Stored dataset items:

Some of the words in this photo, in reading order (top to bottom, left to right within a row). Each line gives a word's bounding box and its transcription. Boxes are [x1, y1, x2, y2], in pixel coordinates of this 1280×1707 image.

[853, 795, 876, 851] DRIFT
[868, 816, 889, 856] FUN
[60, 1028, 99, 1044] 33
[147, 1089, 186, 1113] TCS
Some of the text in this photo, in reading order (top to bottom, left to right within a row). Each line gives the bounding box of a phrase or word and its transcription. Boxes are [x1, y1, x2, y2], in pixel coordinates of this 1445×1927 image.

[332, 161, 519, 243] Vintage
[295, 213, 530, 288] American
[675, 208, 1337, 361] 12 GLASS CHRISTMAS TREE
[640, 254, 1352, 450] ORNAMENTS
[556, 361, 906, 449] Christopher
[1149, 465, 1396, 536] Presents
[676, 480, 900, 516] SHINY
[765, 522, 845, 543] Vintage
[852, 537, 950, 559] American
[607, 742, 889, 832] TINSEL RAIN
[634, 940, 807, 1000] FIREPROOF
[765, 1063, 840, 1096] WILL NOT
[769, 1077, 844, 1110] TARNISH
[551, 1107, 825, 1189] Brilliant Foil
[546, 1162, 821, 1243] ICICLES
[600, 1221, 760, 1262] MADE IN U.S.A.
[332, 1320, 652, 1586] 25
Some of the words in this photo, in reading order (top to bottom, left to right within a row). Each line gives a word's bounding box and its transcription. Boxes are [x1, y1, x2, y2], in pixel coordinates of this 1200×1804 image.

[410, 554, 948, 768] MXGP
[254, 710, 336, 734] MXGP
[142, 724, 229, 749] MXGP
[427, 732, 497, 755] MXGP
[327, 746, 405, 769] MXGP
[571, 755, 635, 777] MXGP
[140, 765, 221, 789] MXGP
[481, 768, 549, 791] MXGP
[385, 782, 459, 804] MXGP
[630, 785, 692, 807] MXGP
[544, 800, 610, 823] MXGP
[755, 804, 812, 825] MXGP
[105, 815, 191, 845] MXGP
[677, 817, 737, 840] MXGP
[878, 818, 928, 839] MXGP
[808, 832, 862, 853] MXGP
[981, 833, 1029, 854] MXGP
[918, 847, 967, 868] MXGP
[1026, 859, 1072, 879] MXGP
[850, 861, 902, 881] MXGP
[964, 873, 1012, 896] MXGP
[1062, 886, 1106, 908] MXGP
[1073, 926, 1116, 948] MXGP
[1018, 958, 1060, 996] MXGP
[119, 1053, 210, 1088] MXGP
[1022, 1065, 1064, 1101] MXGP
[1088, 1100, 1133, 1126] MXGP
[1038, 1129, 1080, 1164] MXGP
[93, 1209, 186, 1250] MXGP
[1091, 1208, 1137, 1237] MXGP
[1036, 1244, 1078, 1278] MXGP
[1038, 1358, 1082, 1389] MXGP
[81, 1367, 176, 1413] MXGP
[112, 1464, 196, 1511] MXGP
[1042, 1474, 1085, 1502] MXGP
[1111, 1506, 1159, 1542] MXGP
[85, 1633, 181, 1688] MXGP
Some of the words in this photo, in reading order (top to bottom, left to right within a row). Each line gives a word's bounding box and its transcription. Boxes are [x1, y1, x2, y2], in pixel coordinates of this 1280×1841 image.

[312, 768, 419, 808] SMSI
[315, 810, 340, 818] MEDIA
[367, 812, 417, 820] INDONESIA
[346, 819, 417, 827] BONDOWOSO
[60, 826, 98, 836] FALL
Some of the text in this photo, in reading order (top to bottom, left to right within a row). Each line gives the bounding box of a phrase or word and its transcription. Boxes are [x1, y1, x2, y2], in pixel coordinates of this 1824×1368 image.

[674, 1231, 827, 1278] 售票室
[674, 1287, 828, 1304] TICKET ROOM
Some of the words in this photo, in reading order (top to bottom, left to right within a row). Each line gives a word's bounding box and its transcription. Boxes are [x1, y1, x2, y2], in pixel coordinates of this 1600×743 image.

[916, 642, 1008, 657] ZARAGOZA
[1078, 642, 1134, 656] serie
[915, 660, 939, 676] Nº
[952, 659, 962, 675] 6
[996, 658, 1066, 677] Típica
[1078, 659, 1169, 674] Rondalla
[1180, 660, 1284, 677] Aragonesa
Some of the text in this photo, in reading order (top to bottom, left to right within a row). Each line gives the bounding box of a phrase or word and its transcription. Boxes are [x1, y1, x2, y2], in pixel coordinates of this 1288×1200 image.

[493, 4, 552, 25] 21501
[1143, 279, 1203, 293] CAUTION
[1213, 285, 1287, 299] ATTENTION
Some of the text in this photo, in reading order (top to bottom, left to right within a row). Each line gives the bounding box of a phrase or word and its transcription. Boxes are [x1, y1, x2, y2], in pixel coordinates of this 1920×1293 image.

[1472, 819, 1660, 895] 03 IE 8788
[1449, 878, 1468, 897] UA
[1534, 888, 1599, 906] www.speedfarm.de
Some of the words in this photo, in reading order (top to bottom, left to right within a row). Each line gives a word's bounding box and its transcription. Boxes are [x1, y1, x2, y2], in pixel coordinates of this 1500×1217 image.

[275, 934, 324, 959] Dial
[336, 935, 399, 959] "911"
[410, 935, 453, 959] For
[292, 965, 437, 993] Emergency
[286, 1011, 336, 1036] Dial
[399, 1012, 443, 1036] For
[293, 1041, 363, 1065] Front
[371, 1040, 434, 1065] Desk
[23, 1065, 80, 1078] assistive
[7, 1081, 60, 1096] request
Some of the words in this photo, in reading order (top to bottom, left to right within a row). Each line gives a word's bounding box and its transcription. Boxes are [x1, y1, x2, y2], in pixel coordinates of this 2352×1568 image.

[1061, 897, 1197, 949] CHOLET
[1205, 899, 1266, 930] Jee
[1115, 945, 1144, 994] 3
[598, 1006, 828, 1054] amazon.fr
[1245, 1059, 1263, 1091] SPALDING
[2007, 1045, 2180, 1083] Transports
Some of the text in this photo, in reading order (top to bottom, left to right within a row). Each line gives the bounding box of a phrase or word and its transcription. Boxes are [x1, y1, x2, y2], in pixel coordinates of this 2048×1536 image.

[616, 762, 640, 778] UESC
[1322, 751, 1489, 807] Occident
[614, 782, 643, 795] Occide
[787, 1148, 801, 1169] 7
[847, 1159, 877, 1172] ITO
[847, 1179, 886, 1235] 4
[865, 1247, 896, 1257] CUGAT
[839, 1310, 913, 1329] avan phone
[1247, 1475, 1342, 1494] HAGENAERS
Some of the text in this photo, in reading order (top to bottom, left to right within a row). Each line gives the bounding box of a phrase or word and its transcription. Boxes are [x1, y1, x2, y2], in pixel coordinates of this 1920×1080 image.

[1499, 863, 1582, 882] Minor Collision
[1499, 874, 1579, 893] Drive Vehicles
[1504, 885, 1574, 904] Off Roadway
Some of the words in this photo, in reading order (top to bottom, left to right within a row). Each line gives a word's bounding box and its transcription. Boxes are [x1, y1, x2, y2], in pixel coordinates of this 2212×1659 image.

§ Work order:
Every word of the data above should be given again, exactly as it stands.

§ Expected answer:
Some of the words in this photo, in reading order (top to bottom, left to right within a row). Each line gives a word's bounding box and its transcription. Boxes are [x1, y1, x2, y2], in pixel coordinates of this 1280×1707 image.

[853, 795, 876, 851] DRIFT
[868, 816, 889, 856] FUN
[60, 1028, 99, 1044] 33
[147, 1089, 186, 1113] TCS
Some of the text in this photo, in reading order (top to bottom, left to right within a row). Each line gives the bounding box of a phrase or word and its transcription. Boxes are [x1, y1, x2, y2], in pixel coordinates of this 1445×1927 image.

[332, 161, 519, 243] Vintage
[295, 213, 530, 288] American
[675, 208, 1337, 361] 12 GLASS CHRISTMAS TREE
[640, 254, 1352, 450] ORNAMENTS
[556, 361, 906, 449] Christopher
[1149, 465, 1396, 536] Presents
[676, 480, 900, 516] SHINY
[765, 522, 845, 543] Vintage
[852, 537, 950, 559] American
[607, 742, 889, 832] TINSEL RAIN
[634, 940, 807, 1000] FIREPROOF
[765, 1063, 840, 1096] WILL NOT
[769, 1077, 844, 1110] TARNISH
[551, 1107, 825, 1189] Brilliant Foil
[546, 1162, 821, 1243] ICICLES
[600, 1221, 760, 1262] MADE IN U.S.A.
[332, 1320, 652, 1586] 25
Some of the words in this photo, in reading order (top to bottom, left to right within a row). Each line gives a word's bounding box and its transcription. Boxes are [x1, y1, x2, y2], in pixel coordinates of this 1200×1804 image.

[410, 554, 948, 768] MXGP
[254, 710, 336, 734] MXGP
[142, 724, 229, 749] MXGP
[427, 732, 497, 755] MXGP
[327, 746, 405, 769] MXGP
[571, 755, 635, 777] MXGP
[140, 765, 221, 789] MXGP
[481, 768, 549, 791] MXGP
[385, 782, 459, 804] MXGP
[630, 785, 692, 807] MXGP
[544, 800, 610, 823] MXGP
[755, 804, 812, 825] MXGP
[105, 815, 191, 845] MXGP
[677, 817, 737, 840] MXGP
[878, 818, 928, 839] MXGP
[808, 832, 862, 853] MXGP
[981, 833, 1029, 854] MXGP
[918, 847, 967, 868] MXGP
[1026, 859, 1072, 879] MXGP
[850, 861, 902, 881] MXGP
[964, 873, 1012, 896] MXGP
[1062, 886, 1106, 908] MXGP
[1073, 926, 1116, 948] MXGP
[1018, 958, 1060, 996] MXGP
[119, 1053, 210, 1088] MXGP
[1022, 1065, 1064, 1101] MXGP
[1088, 1100, 1133, 1126] MXGP
[1038, 1129, 1080, 1164] MXGP
[93, 1209, 186, 1250] MXGP
[1091, 1208, 1137, 1237] MXGP
[1036, 1244, 1078, 1278] MXGP
[1038, 1358, 1082, 1389] MXGP
[81, 1367, 176, 1413] MXGP
[112, 1464, 196, 1511] MXGP
[1042, 1474, 1085, 1502] MXGP
[1111, 1506, 1159, 1542] MXGP
[85, 1633, 181, 1688] MXGP
Some of the words in this photo, in reading order (top to bottom, left to right within a row). Each line gives a word's bounding box and its transcription. Boxes are [x1, y1, x2, y2], in pixel coordinates of this 1280×1841 image.

[312, 768, 419, 808] SMSI
[315, 810, 340, 818] MEDIA
[367, 812, 417, 820] INDONESIA
[346, 819, 417, 827] BONDOWOSO
[60, 826, 98, 836] FALL
Some of the text in this photo, in reading order (top to bottom, left to right within a row). Each line gives the bounding box of a phrase or word and its transcription. Boxes are [x1, y1, x2, y2], in pixel coordinates of this 1824×1368 image.

[674, 1231, 827, 1278] 售票室
[674, 1287, 828, 1304] TICKET ROOM
Some of the words in this photo, in reading order (top to bottom, left to right within a row). Each line gives a word's bounding box and its transcription. Boxes are [x1, y1, x2, y2], in pixel coordinates of this 1600×743 image.

[916, 642, 1008, 657] ZARAGOZA
[1078, 642, 1134, 656] serie
[915, 660, 939, 676] Nº
[952, 659, 962, 675] 6
[996, 658, 1066, 677] Típica
[1078, 659, 1169, 674] Rondalla
[1180, 660, 1284, 677] Aragonesa
Some of the text in this photo, in reading order (top to bottom, left to right within a row). Each line gives the bounding box of a phrase or word and its transcription. Boxes are [x1, y1, x2, y2], in pixel coordinates of this 1288×1200 image.

[493, 4, 552, 25] 21501
[1143, 279, 1203, 293] CAUTION
[1213, 285, 1287, 299] ATTENTION
Some of the text in this photo, in reading order (top to bottom, left to right within a row). Each line gives the bounding box of a phrase or word and its transcription. Boxes are [x1, y1, x2, y2], in pixel coordinates of this 1920×1293 image.

[1472, 819, 1660, 895] 03 IE 8788
[1449, 878, 1468, 897] UA
[1534, 888, 1599, 906] www.speedfarm.de
Some of the words in this photo, in reading order (top to bottom, left to right within a row). Each line gives a word's bounding box and its transcription. Boxes are [x1, y1, x2, y2], in pixel coordinates of this 1500×1217 image.

[275, 934, 324, 959] Dial
[336, 935, 399, 959] "911"
[410, 935, 453, 959] For
[292, 965, 437, 993] Emergency
[286, 1011, 336, 1036] Dial
[399, 1012, 443, 1036] For
[293, 1041, 363, 1065] Front
[371, 1040, 434, 1065] Desk
[23, 1065, 80, 1078] assistive
[7, 1081, 60, 1096] request
Some of the words in this photo, in reading order (top to bottom, left to right within a row). Each line gives a word's bounding box and its transcription. Boxes are [x1, y1, x2, y2], in pixel coordinates of this 2352×1568 image.

[1061, 897, 1197, 949] CHOLET
[1205, 899, 1266, 930] Jee
[1115, 945, 1144, 994] 3
[598, 1006, 828, 1054] amazon.fr
[1245, 1059, 1263, 1091] SPALDING
[2007, 1045, 2180, 1083] Transports
Some of the text in this photo, in reading order (top to bottom, left to right within a row). Each line gives the bounding box of a phrase or word and its transcription. Boxes are [x1, y1, x2, y2], in pixel coordinates of this 2048×1536 image.

[616, 762, 640, 778] UESC
[1322, 751, 1489, 807] Occident
[614, 782, 643, 795] Occide
[787, 1148, 801, 1169] 7
[847, 1159, 877, 1172] ITO
[847, 1179, 886, 1235] 4
[865, 1247, 896, 1257] CUGAT
[839, 1310, 913, 1329] avan phone
[1247, 1475, 1342, 1494] HAGENAERS
Some of the text in this photo, in reading order (top to bottom, left to right within a row). Each line gives the bounding box of a phrase or word and its transcription. Boxes are [x1, y1, x2, y2], in pixel coordinates of this 1920×1080 image.

[1499, 863, 1582, 882] Minor Collision
[1499, 874, 1579, 893] Drive Vehicles
[1504, 885, 1574, 904] Off Roadway
Some of the words in this photo, in reading order (top to bottom, left to right within a row). Each line gives a word's bounding box and its transcription. Boxes are [x1, y1, x2, y2], in pixel coordinates of this 2212×1659 image.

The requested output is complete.